Thursday, September 25, 2014

3rd US Ebola Patient Released From Hospital


Former Ebola patient Dr. Richard Sacra participates in a news conference at the Nebraska Medical Center in Omaha, Neb., Thursday, Sept. 25, 2014. Dr. Sacra who was treated at the medical center the last three weeks has left his room in the biocontainment unit and will head home soon. The CDC confirmed that two separate blood samples taken from Dr. Sacra 24 hours apart show the Ebola virus is no longer in his bloodstream. (AP Photo/Nati Harnik)

The third American aid worker who contracted Ebola in Africa was released today from a Nebraska hospital, AP reports.

An elated Dr. Rick Sacra said at a news conference that he was cleared of the Ebola virus by the federal Centers from Disease Control and left the isolation unit at the Nebraska Medical Center on Thursday morning.

"I feel great, except that I am extremely weak," Sacra said.
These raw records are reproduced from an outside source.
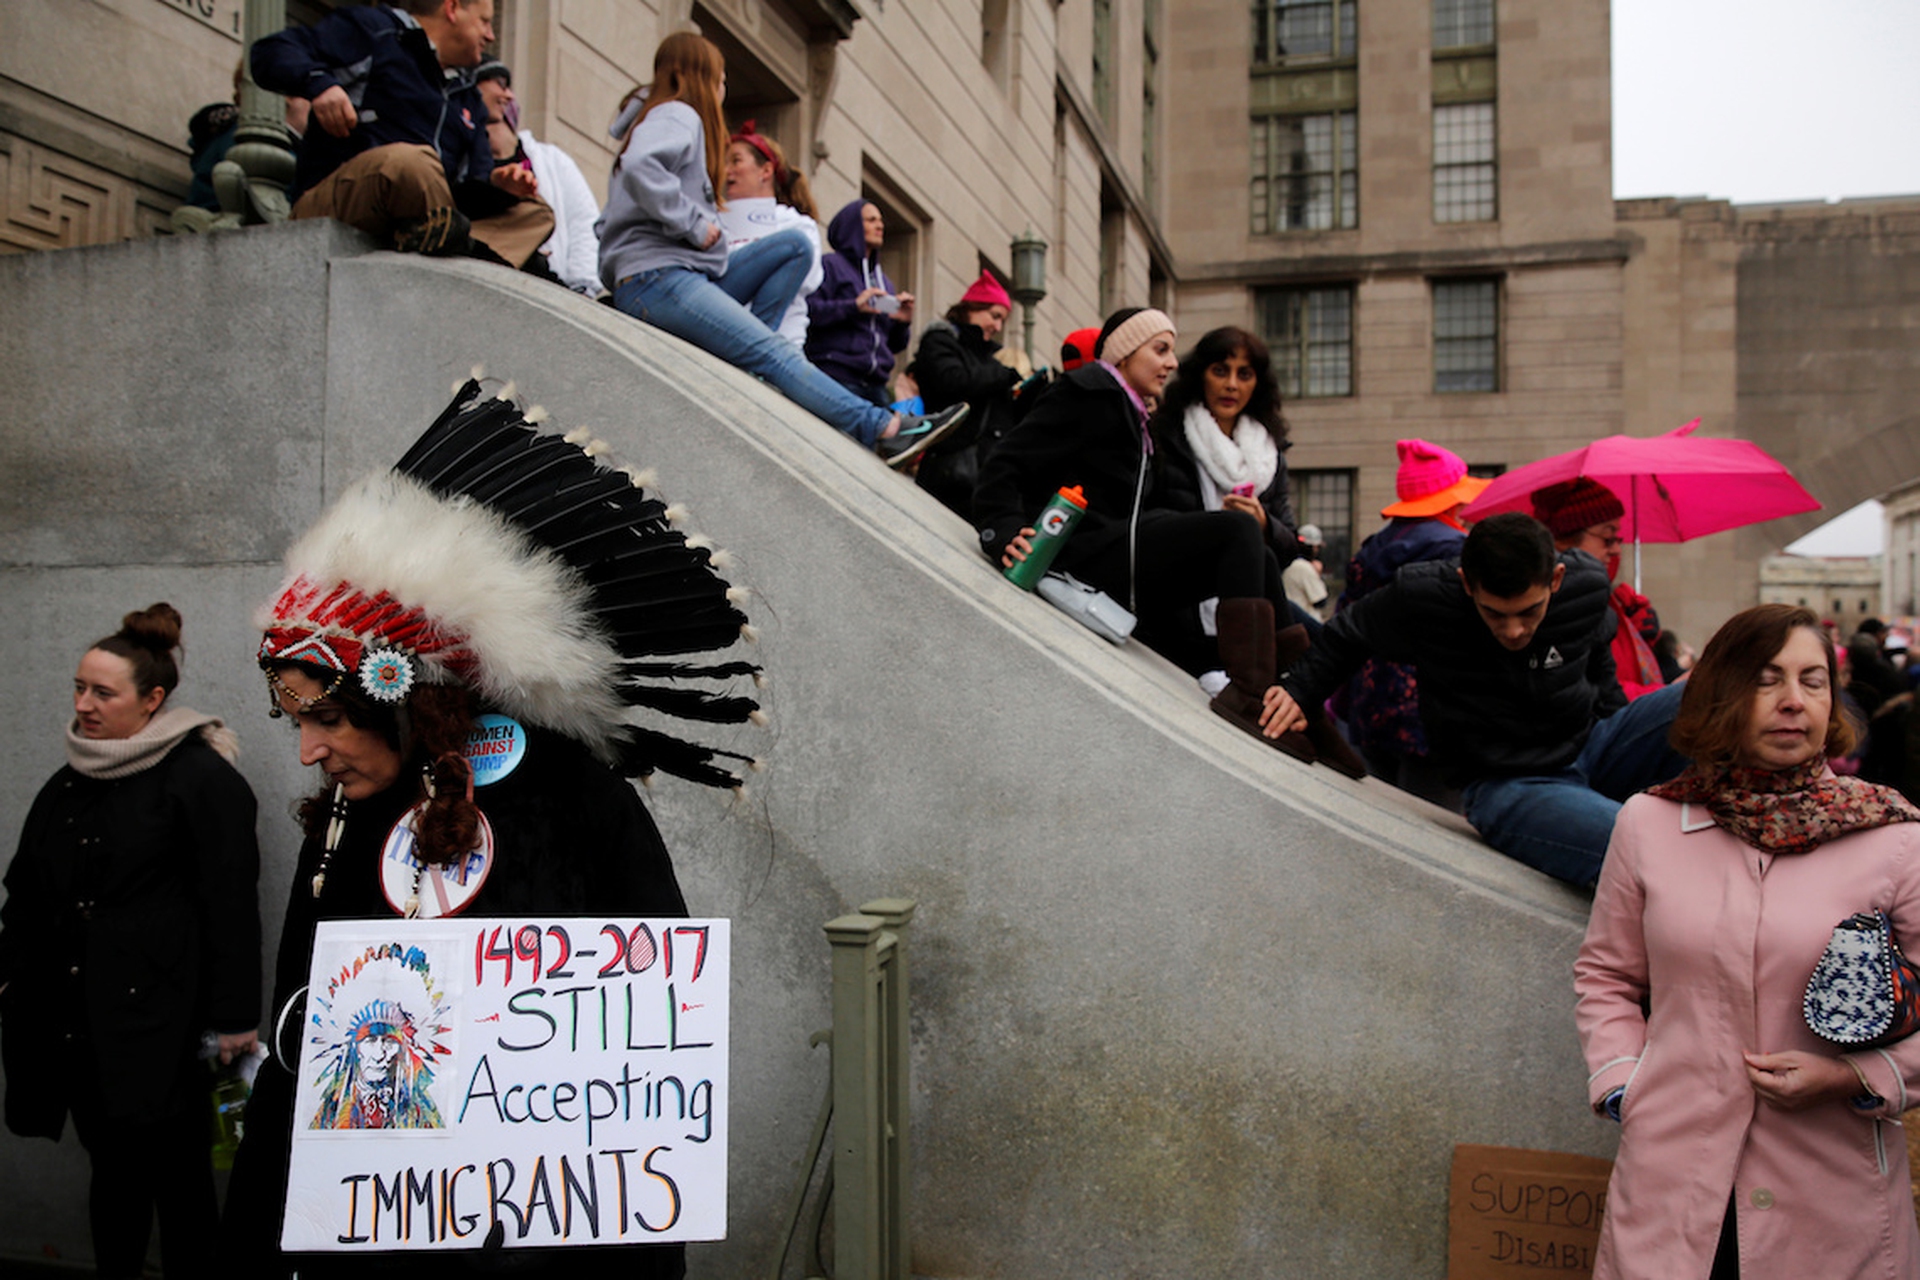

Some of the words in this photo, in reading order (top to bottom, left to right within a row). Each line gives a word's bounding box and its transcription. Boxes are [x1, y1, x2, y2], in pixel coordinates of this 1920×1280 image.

[1042, 508, 1070, 536] G
[462, 738, 516, 757] GAINST
[465, 725, 514, 742] OMEN
[468, 755, 508, 771] UMP
[475, 922, 710, 987] 1492-2017
[498, 982, 714, 1052] STILL
[458, 1053, 714, 1147] Accepting
[337, 1146, 682, 1244] IMMIGRANTS
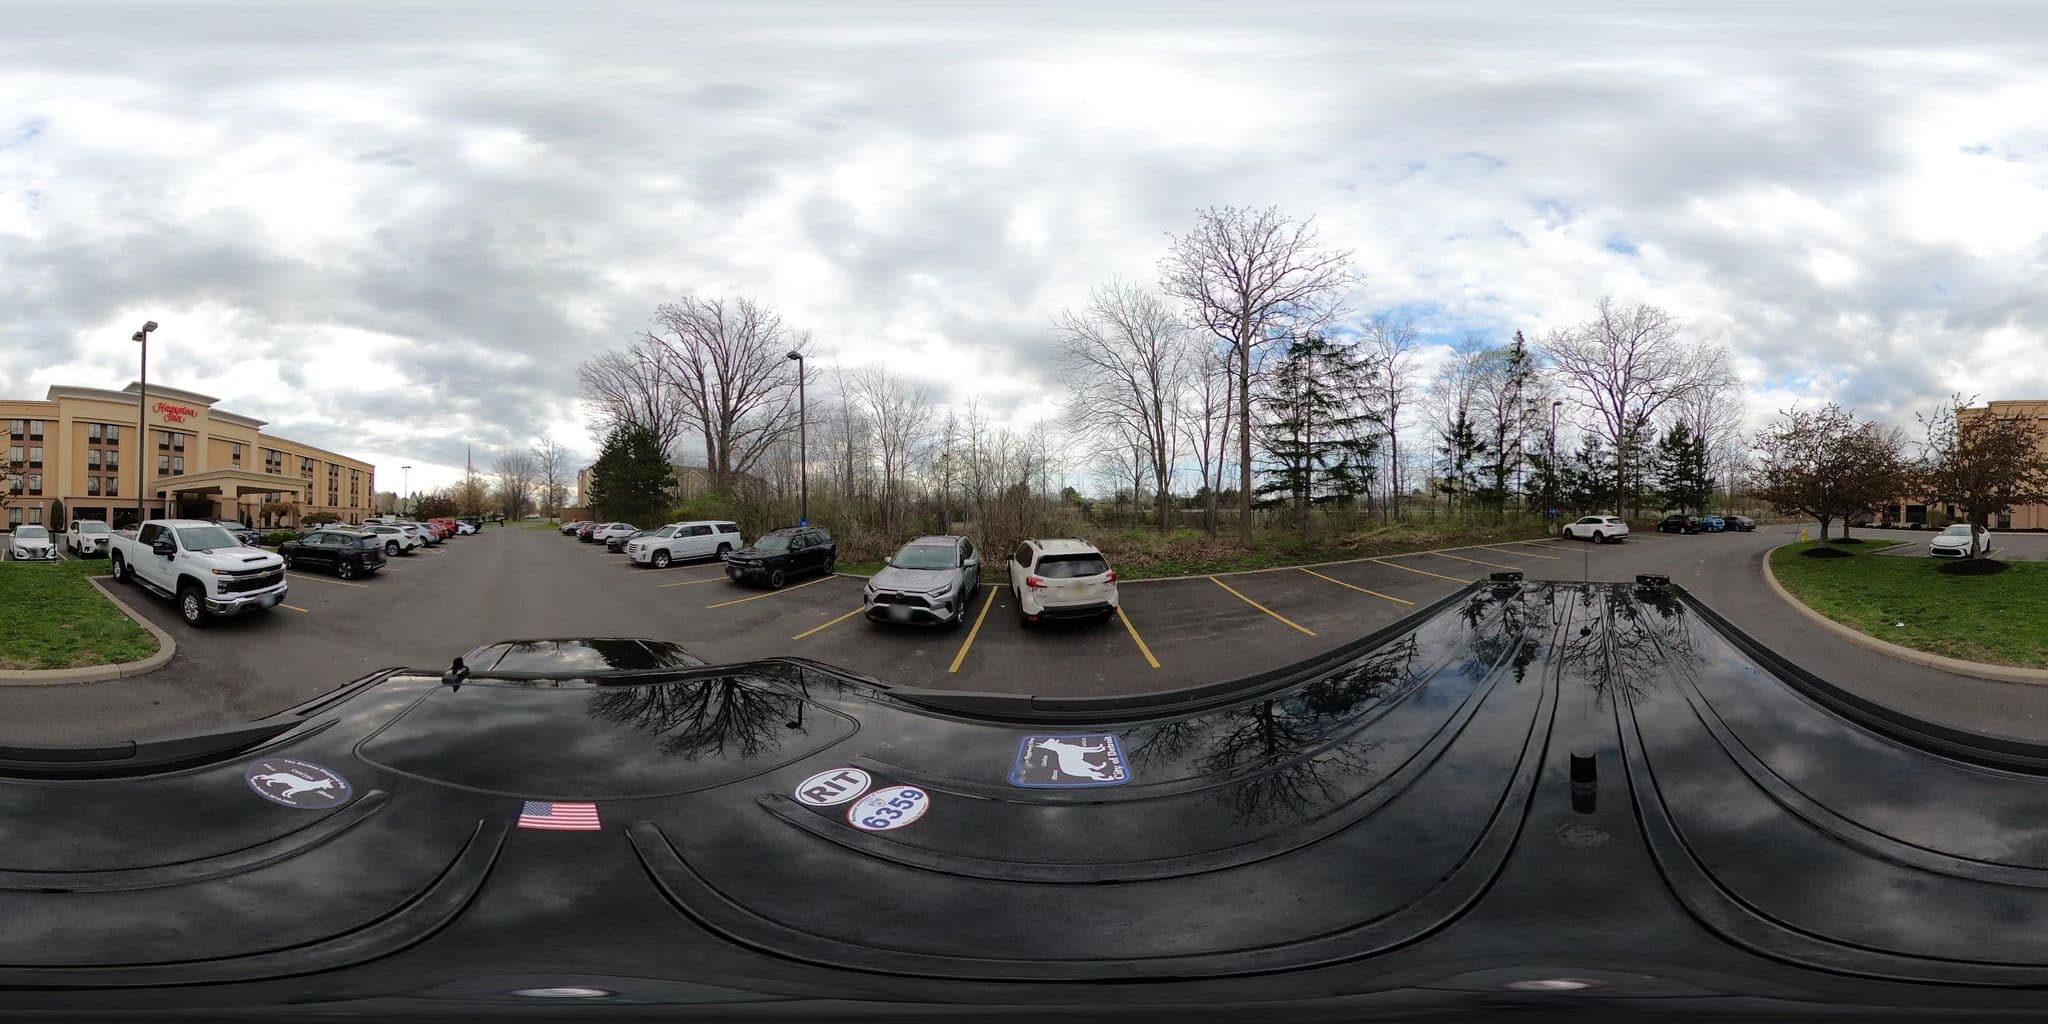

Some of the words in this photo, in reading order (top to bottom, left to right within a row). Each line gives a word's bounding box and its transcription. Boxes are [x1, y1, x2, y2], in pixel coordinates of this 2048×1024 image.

The 51-year-old doctor from Worcester, Massachusetts, may return to Africa someday to help, but he said he expects a long recovery ahead based on what his friend and fellow Ebola survivor Dr. Kent Brantly said.

"I never felt like I was not going to make it. The care was so excellent, so speedy and so prompt," said Sacra, who contracted Ebola while working at a hospital in Liberia with the North Carolina-based charity SIM and arrived in Omaha on Sept. 5.

The World Health Organization says the Ebola virus is believed to have killed more than 2,900 people in West Africa. Governments are scrambling to contain the disease outbreak, and the United States has promised to send 3,000 soldiers to the region to help.

"Though my crisis has reached a successful end here, unfortunately the Ebola crisis continues to spin out of control in West Africa," Sacra said, adding later that the "odds I'll end up back (in Liberia) are pretty high."

Debbie Sacra spent most of the news conference watching her husband of 29 years instead of the room full of reporters and hospital workers. The two shared their first hug in nearly two months Thursday morning.

Two other American aid workers who contracted Ebola — including Brantly — were treated at Emory University Hospital in Atlanta, and were released after recovering. A fourth American with Ebola is still being treated in Atlanta.

Dr. Phil Smith has said Sacra received an experimental Tekmira Pharmaceuticals drug called TKM-Ebola for a week after he arrived in Omaha. Sacra also received two blood transfusions from Brantly. These blood transfusions are believed to help a patient fight off the Ebola virus because the survivor's blood carries antibodies for the disease.

Sacra also received supportive care including IV fluids and aggressive electrolyte management, and his own immune system fought the virus.
Doctors have said that the combination of treatments Sacra received makes it difficult to know what helped him fight off Ebola.